Pantoja destaca que em Barueri, Osasco e Santana de Parnaíba, há poucas pessoas com renda muito baixa, de até 1.4 do salário mínimo. “Mas, acredito, ser uma característica da região”, diz ele.
O ODS também foi atingido em Energias Renováveis e Acessíveis, que considera os índices Domicílios com acesso à energia elétrica e Vulnerabilidade Energética. No primeiro índice, o valor para considerar que o objetivo foi atingido é 99. Barueri obteve 99,97.
O assessor de coordenação do Instituto Cidades Sustentáveis também ressalta que municípios metropolitanos do estado de São Paulo costumam ter o básico em infraestrutura, como serviço de água e atendimento por esgoto, entre outros. “Isso tudo, na verdade, é básico da região sudeste. A situação fica mais grave em pequenos municípios das regiões Norte e Nordeste”, afirma Pantoja.

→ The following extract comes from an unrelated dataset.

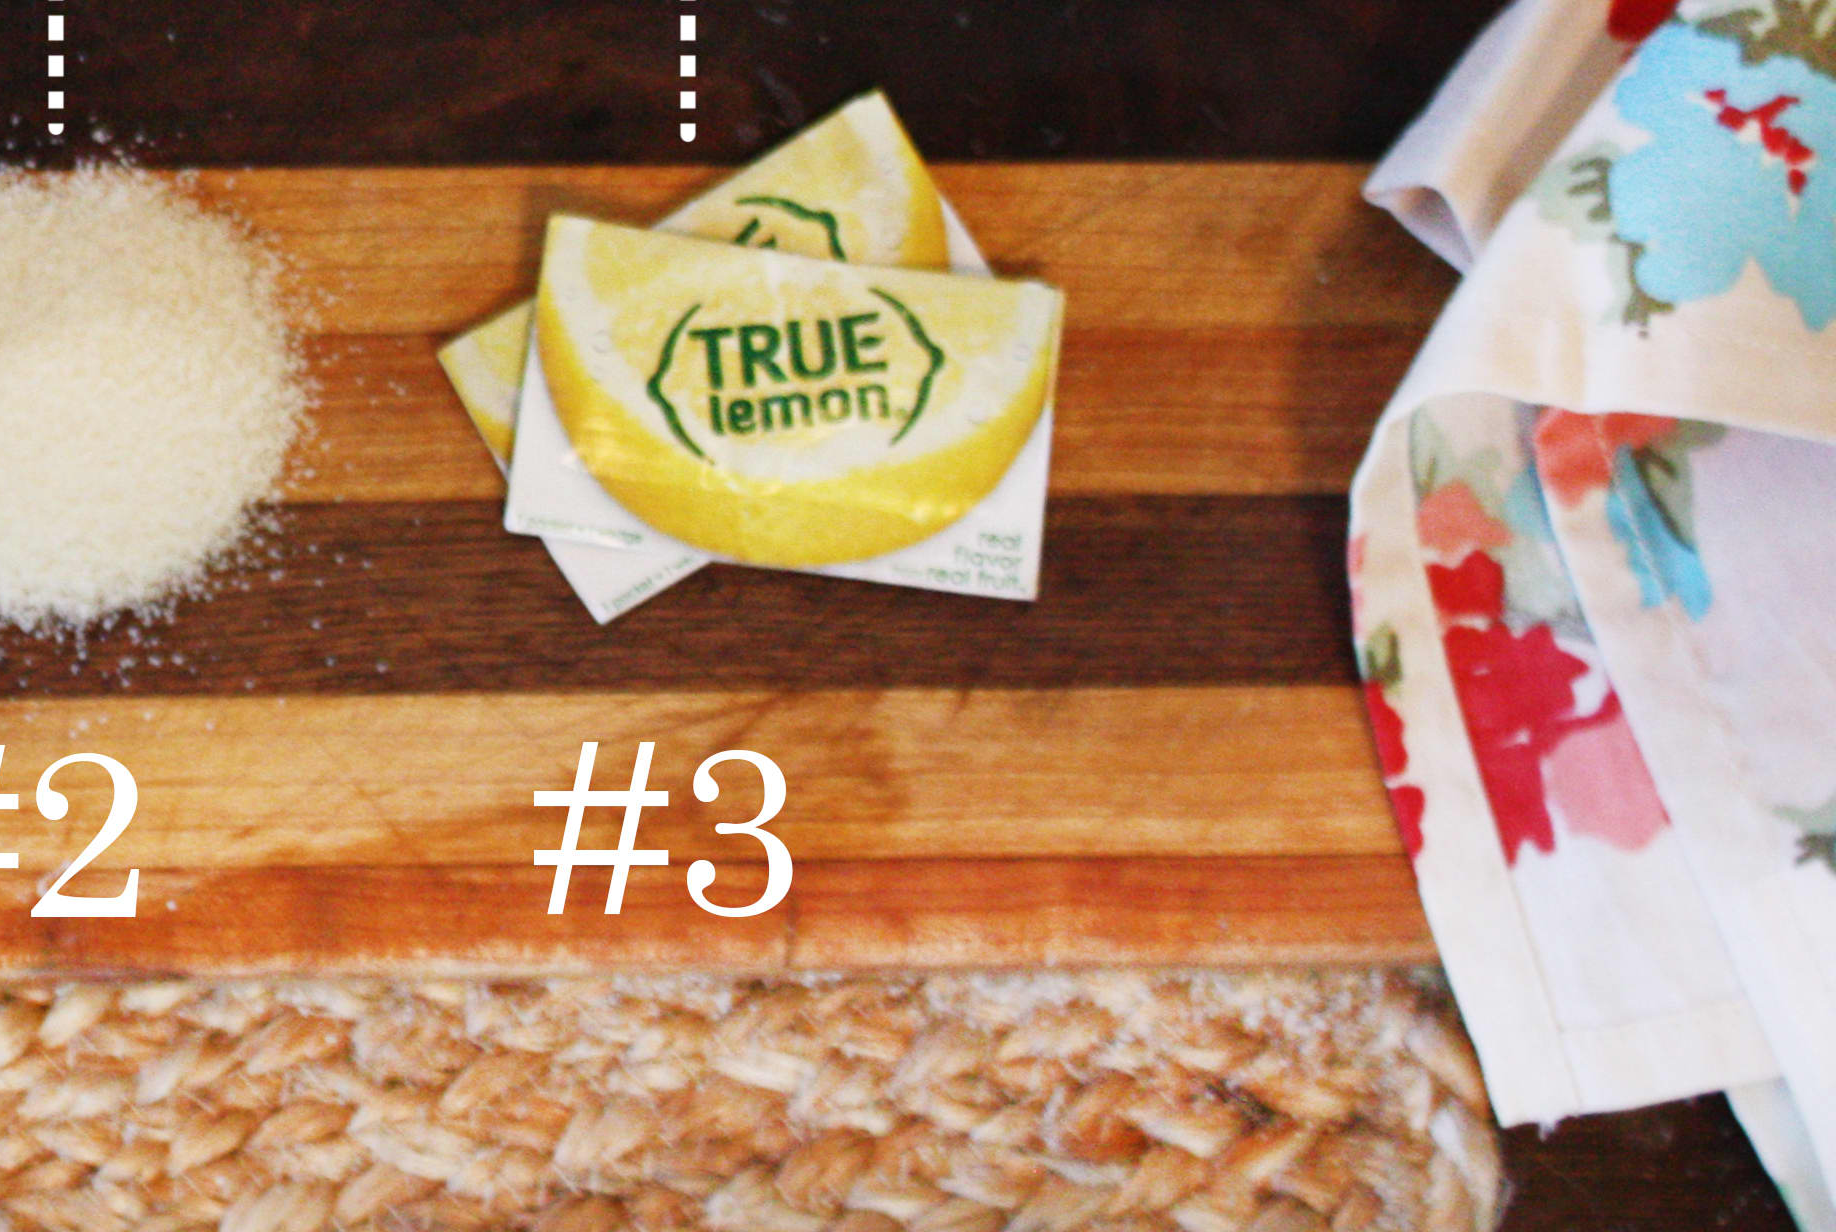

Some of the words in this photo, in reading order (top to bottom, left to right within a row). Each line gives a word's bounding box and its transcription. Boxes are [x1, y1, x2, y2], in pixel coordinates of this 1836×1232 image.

[687, 311, 888, 390] TRUE
[708, 383, 891, 436] lemon
[978, 532, 1022, 551] real
[927, 567, 972, 586] real

Os três primeiros lugares ficaram com as cidades de São Caetano do Sul, Jundiaí e Valinhos, todas localizadas no estado de São Paulo. Confira o desempenho de Barueri, Santana de Parnaíba e Osasco no mapa de desempenho.
Barueri
Pontuação geral: 59,1, de 100.
Barueri destacou-se em investimento público em infraestrutura. “Ou seja, a cidade pega uma parte relevante do PIB principal e investe em melhoria da infraestrutura. Fator importante já que Barueri possui um polo empresarial. Percentual sai de um valor de referência em torno de 600 mil para 1 milhão e 200 no ano de 2019. Em 4 anos, 2015 a 2019, dobra esse valor”, explica Pantoja.
“Os investimentos em infraestrutura sempre trazem resultados muito importantes que atingem vários setores. Além de fatores como segurança, fluidez, conforto, acessibilidade, ampliação de serviços, entre outros, impactam diretamente no desenvolvimento da cidade, já que atraem novos investidores, empresas etc., gerando mais empregos e oportunidades para os moradores, que cresce economicamente. Isso gera uma cadeia de benefícios para todo mundo”, afirma o prefeito Rubens Furlan.
O município obteve também ótimo resultado em “Participação dos empregos em atividades intensivas em conhecimento e tecnologia. “Uma série de empresas de tecnologia e startups se instalaram em Barueri nos últimos anos. Com isso, chegam empregos com alto nível de formação”, diz o assessor do Instituto Cidades Sustentáveis.
Destaque ainda para o item “Receitas arrecadas”. O valor das receitas arrecadadas diretamente pelo município é bastante elevado – quase 50% – em relação ao total de receitas advindas de transferências estaduais e federais. “Com emprego de qualidade, investimento em infraestrutura e elevada arrecadação municipal, caminha-se para uma política redonda”, afirma o especialista.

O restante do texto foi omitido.